CC3 continues the race with Dundjinni by allowing a variety of lenses and filters to applied selectively to your map. So you can draw a simple curve for your coastline and easily apply a soft blur or a shadow effect to give the illusion of depth. More sophsicated effects allow you to create shaded relief maps perhaps one of the hardiest techniques to do right in cartography.

I admit I am a Campaign Cartographer fan. However I feel that the past couple of years has been a golden age for RPG Mapping Programs with a wealth of options. If you pick any of the leading three you are going to be making great maps.

If you are going to making professional maps You are better off learning to use a professional graphic software. That because if you use the DEFAULT tools of any of the three your map will have a distinctive look that publishers will recognize. In general the publishers don't like to have a map that looks like it was made with CC, Fractal Mapper, or Dundjinni. If you can spend the time developing your own symbols and graphics then you will be able to use any of the three on a professional level.

A final note is that AutoRealm is probably the best of the rest. Unfortunally it's development is stalled due to the author being in the middle of rewriting the base of the software. Which is a cautionary note to those of you involved in software development.

Campaign Cartographer
Fractal Mapping
Dundjinni
AutoRealm

Free professional style graphic programs
Inkscape
GIMP

5 comments:

Badelaire said...

I've used CC for years, but at the end of the day, if I'm not using it to whip up a relatively small-scale map (perhaps a village and 20-30 miles in each direction), then it's just too cumbersome. And because I use it sporadically, I have to re-learn about half of everything each time I sit down to use it.

In the end, I hate to say it, but paper (graph, hex, or plain) and pencil/pen are sometimes the best way to go.

Bonemaster said...

Honestly, I didn't expect that post to be that lively.

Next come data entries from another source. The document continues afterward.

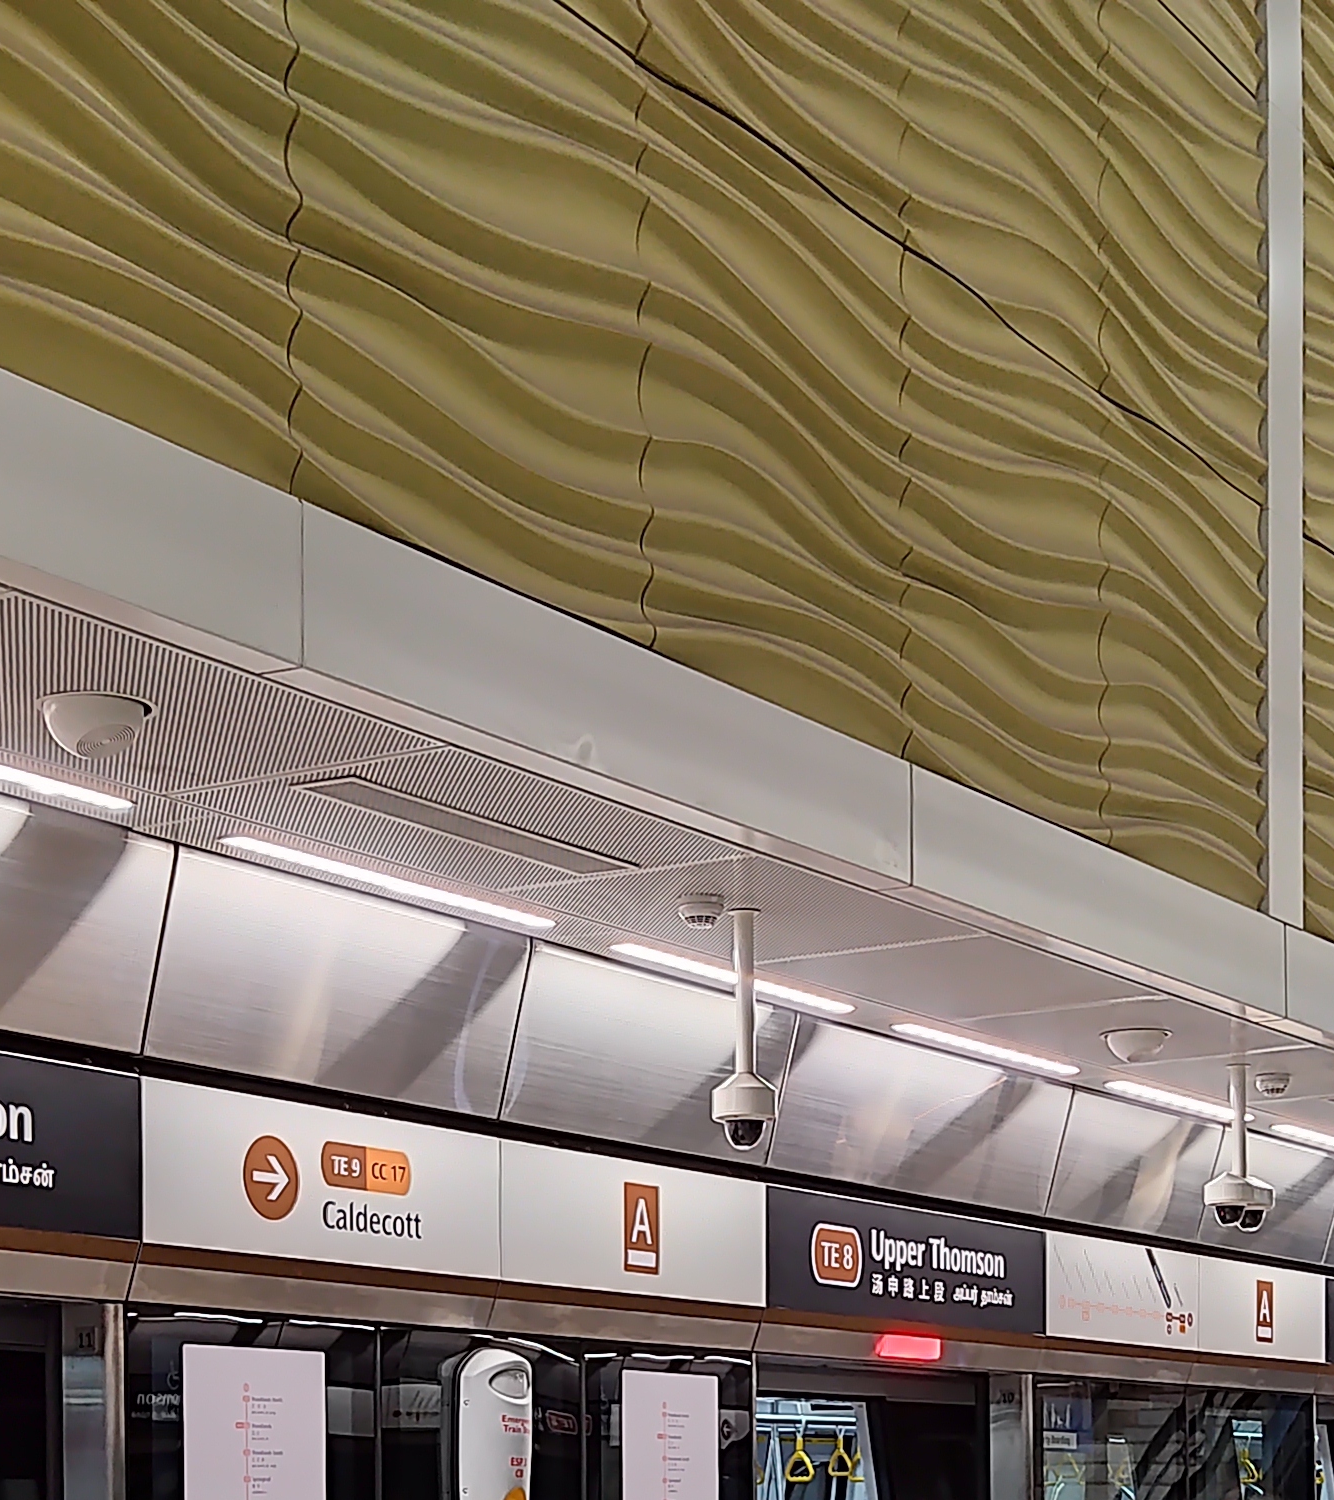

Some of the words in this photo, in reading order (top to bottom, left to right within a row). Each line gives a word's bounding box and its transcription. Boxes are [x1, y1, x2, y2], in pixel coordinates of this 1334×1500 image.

[331, 1153, 350, 1176] TE
[351, 1158, 360, 1178] 9
[370, 1161, 388, 1181] CC
[390, 1164, 406, 1184] 17
[322, 1200, 422, 1239] Caldecott
[631, 1198, 652, 1245] A
[820, 1241, 840, 1268] TE
[843, 1246, 853, 1270] 8
[870, 1229, 925, 1272] Upper
[929, 1237, 1005, 1278] Thomson
[1259, 1290, 1270, 1323] A

The post was just my lament that I'm not much of an artist and I am more of CAD person.

@Badelaire - For most people I do think you are correct. Paper is the best way to go. I'm interested in see what people do for Paizo's open call for Maps.

Eli Elder said...

I haven't really looked at CC but as as an architect with experience with AutoCad and Microstation the CAD interface can vary quite a bit. I think a CAD based program would be very useful for dungeon maps since you can control the drawing tools so much easier. Of course I normally use pen and paper myself.

Frank said...

I became a Corel Draw fan after trying various cheap draw programs and being very frustrated. Then I had an opportunity to buy Corel Draw for the upgrade price, then later was able to buy full versions for the upgrade price due to a business partner deal with my employer.

The first time I drew a spline curve in Corel Draw, I knew why it is worth buying real software instead of toys for this kind of job...

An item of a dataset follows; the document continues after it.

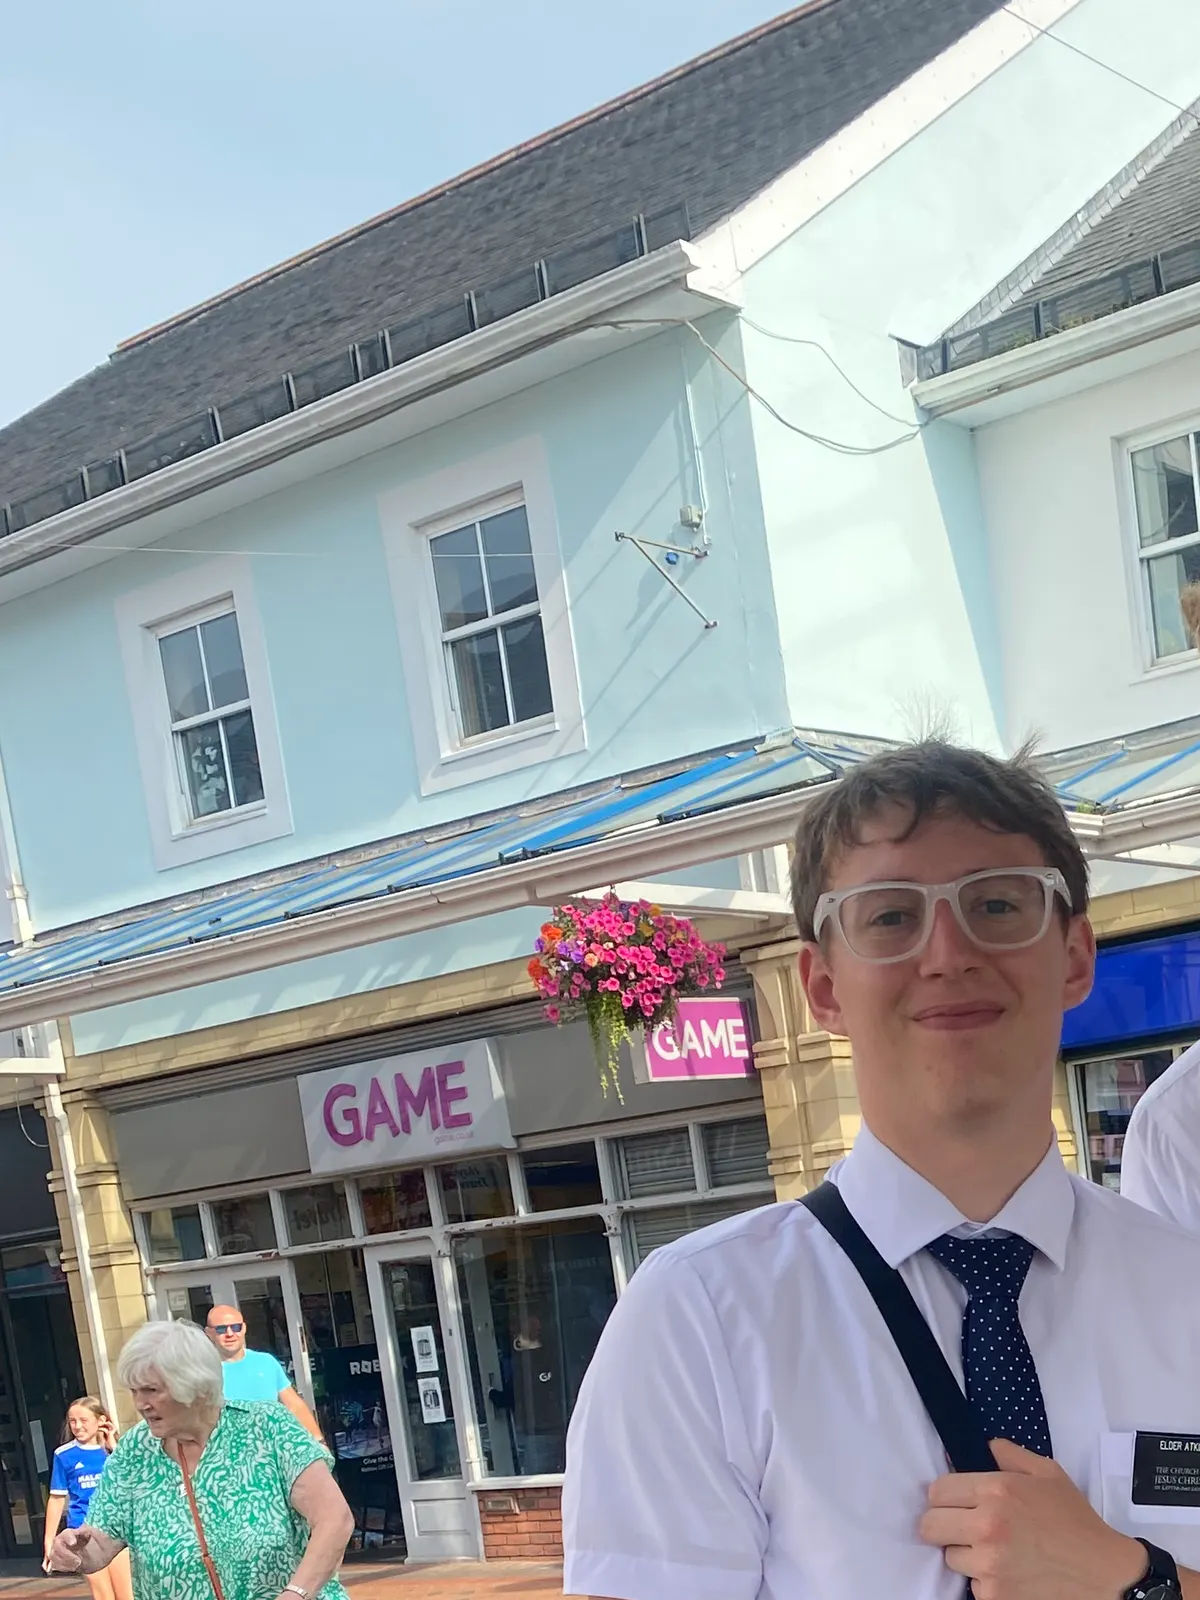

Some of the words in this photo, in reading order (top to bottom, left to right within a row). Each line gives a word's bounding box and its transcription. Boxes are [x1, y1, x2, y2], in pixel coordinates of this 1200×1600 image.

I did also buy Campaign Cartographer and then upgraded to CC2. I also bought Dundjinni.

In the end though, I almost never make maps on the computer. Ultimately, if you just want a quick map for your gaming group, it's not worth the time. No matter how you do it, drawing a professional looking map will take hours and hours.

I've made far more use of Corel Draw for posters and such...

Frank

Dwayanu said...

I'm a pencil guy, but I notice there are input devices meant to work similarly (e.g., when signing for a UPS delivery). Might using something like that make some things easier?

Dundjinni looks as if it would be very handy for very specific projects.

I haven't looked recently, but my impression was that this sort of program tends to be written only for Windows. My computer these days is a Mac.